## [Phrase grounding data]
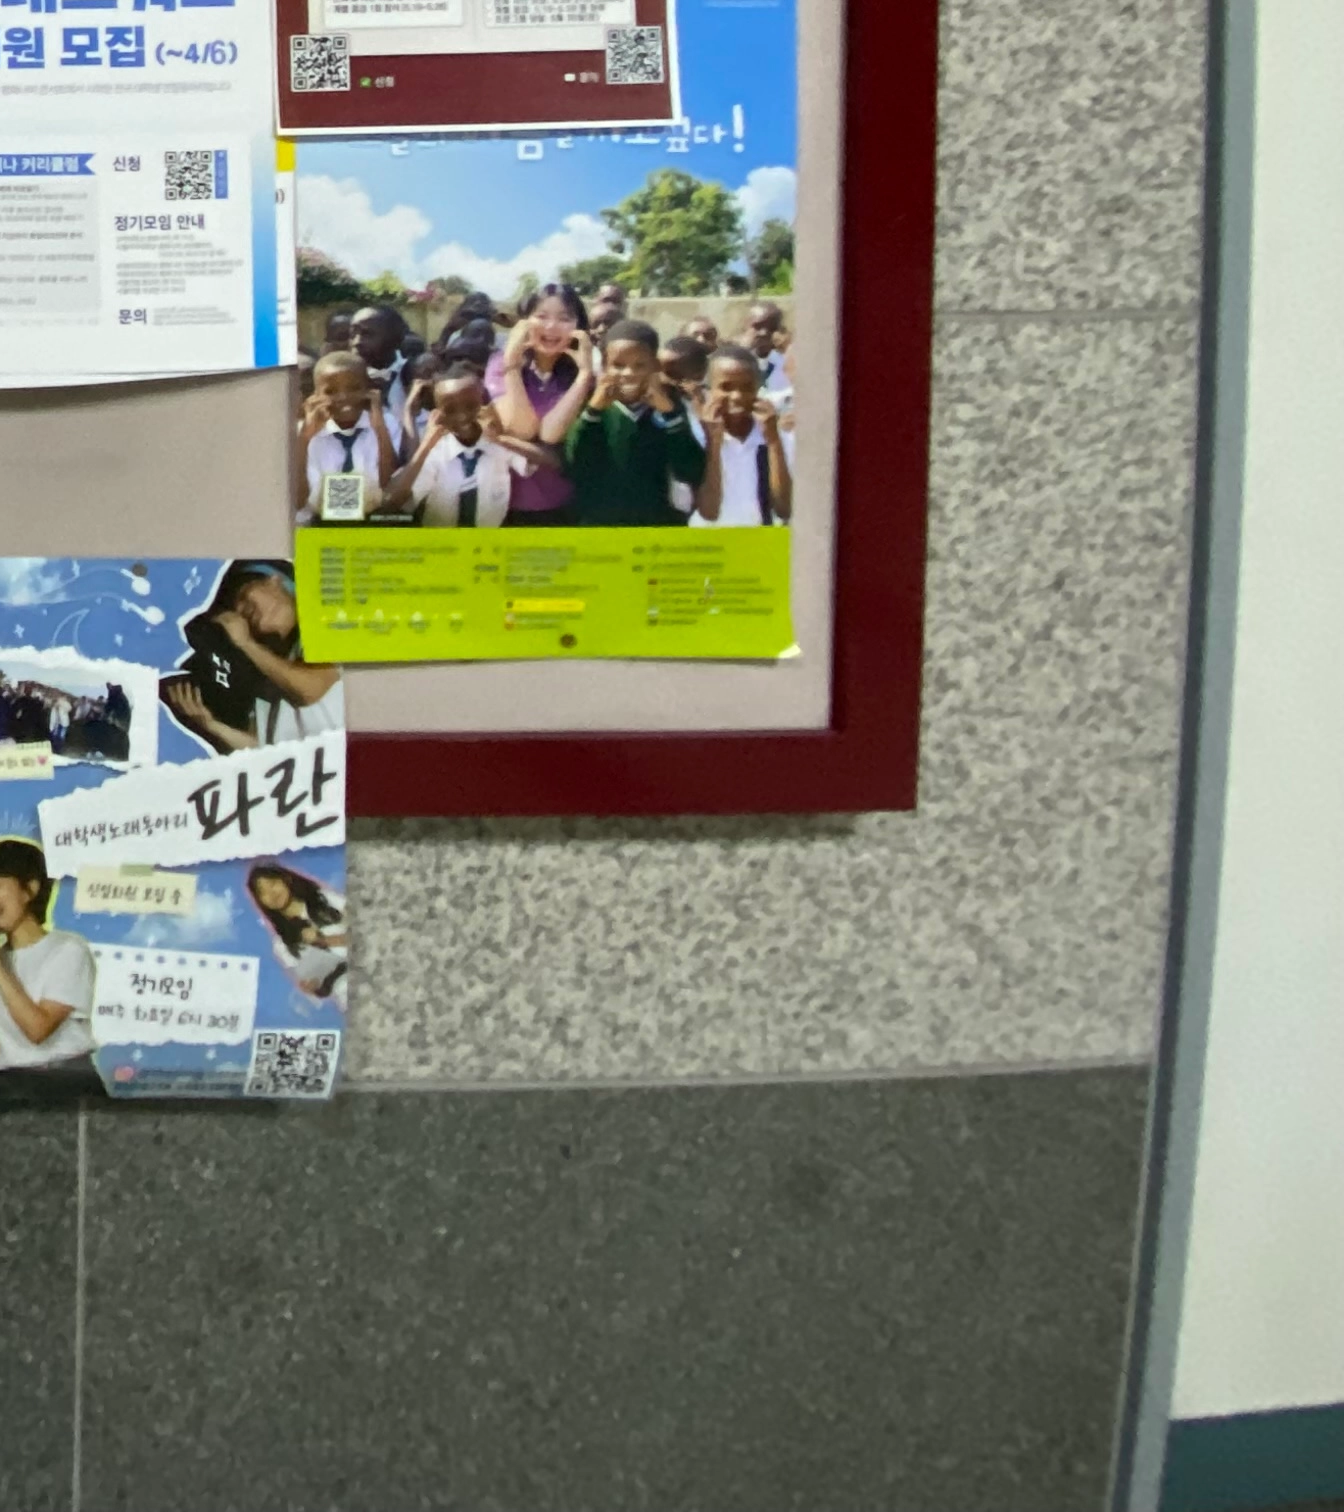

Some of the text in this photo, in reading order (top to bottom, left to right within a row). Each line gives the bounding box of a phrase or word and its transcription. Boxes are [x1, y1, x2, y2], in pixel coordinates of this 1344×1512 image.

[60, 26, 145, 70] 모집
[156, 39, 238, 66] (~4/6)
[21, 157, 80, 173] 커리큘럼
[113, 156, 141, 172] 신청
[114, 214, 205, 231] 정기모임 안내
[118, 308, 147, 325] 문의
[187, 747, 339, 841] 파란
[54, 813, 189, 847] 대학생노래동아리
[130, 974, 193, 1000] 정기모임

## [ACTIVITY]
Exclude images. Return the data above verbatim.

## [TASK ANSWER]
Some of the text in this photo, in reading order (top to bottom, left to right within a row). Each line gives the bounding box of a phrase or word and its transcription. Boxes are [x1, y1, x2, y2], in pixel coordinates of this 1344×1512 image.

[60, 26, 145, 70] 모집
[156, 39, 238, 66] (~4/6)
[21, 157, 80, 173] 커리큘럼
[113, 156, 141, 172] 신청
[114, 214, 205, 231] 정기모임 안내
[118, 308, 147, 325] 문의
[187, 747, 339, 841] 파란
[54, 813, 189, 847] 대학생노래동아리
[130, 974, 193, 1000] 정기모임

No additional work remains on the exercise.